J Surg Res. 2020 Sep 28;258:82-87. doi: 10.1016/j.jss.2020.07.084. Online ahead of print.


Background: The magnitude of student debt plaguing our nation is a major topic in political and academic spheres with median medical student debt of $200,000. This is compounded by poor financial health during training. This study evaluates how debt and financial wellness influence resident perceived stress, mental health, career plans, and relationships.

Methods: General surgery trainees at an academic institution were surveyed regarding financial parameters, perceived stress, and the impact of finances on their career and family life. A validated stress assessment instrument, the Perceived Stress Scale, was used to evaluate trainee stress. The median perceived stress score was compared for groups using a Wilcoxon rank-sum test.

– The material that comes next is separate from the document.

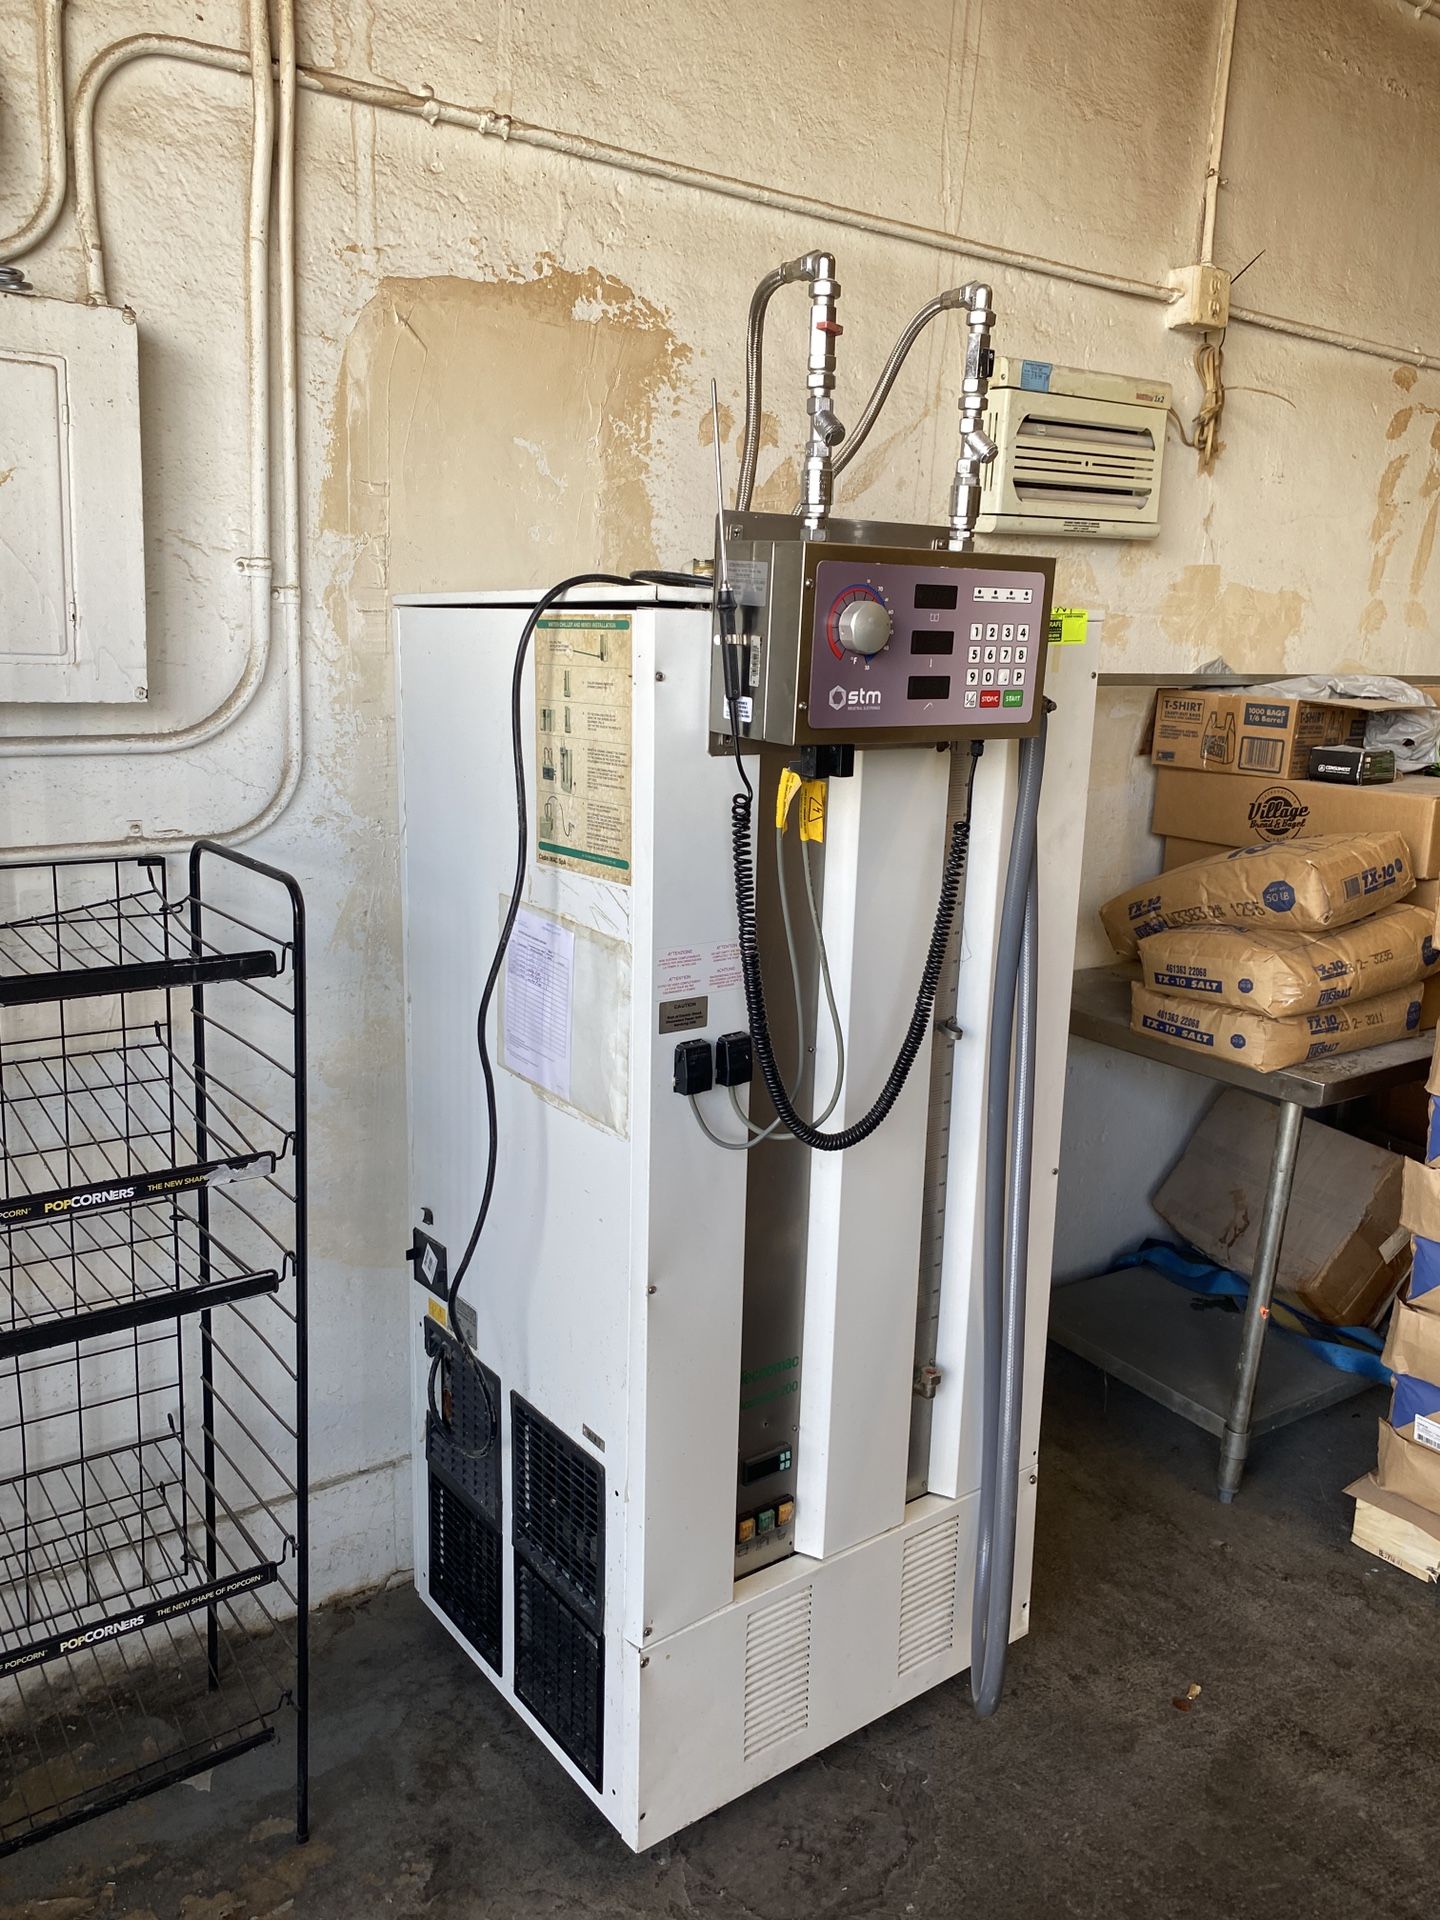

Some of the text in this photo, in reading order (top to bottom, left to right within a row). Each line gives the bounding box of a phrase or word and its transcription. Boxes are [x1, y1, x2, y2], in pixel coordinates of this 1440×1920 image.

Results: Fifty-eight (61% response rate) residents responded to the survey. The median (range) student loan debt was $200,000-500,000 ($0-750,000) and savings was $5000-10,000 ($0-20,000+). 18 (31%) trainees had monthly credit card debt. Half of the respondents did not have enough liquid assets for an emergency fund, defined as 3 mo of living expenses. The median perceived stress score was 16 (1-30) or moderate stress. Perceived stress score was significantly associated with the trainee's response to how finances impacted their future career choice, practice style, and relationships (P < 0.005 for all). However, the perceived stress score was not associated with objective measures of financial wellness, such as the overall level of medical school debt, savings, or having an emergency fund.

Discussion: The trainee's subjective perception of financial wellness, rather than objective financial parameters was associated with higher levels of perceived stress, the strain on relationships, and a greater impact on future practice styles. The majority of surgery residents did not have enough liquid assets for an emergency fund, independent of the level of debt, which emphasizes how financially leveraged residents are during training. Although burnout during surgical training is multifactorial, formal financial education incorporated into graduate medical education programs could increase financial literacy, help to mitigate financial risk, and ultimately decrease some of the perceived stress residents possess.

Keywords: Burnout; Career; Finances; Resident.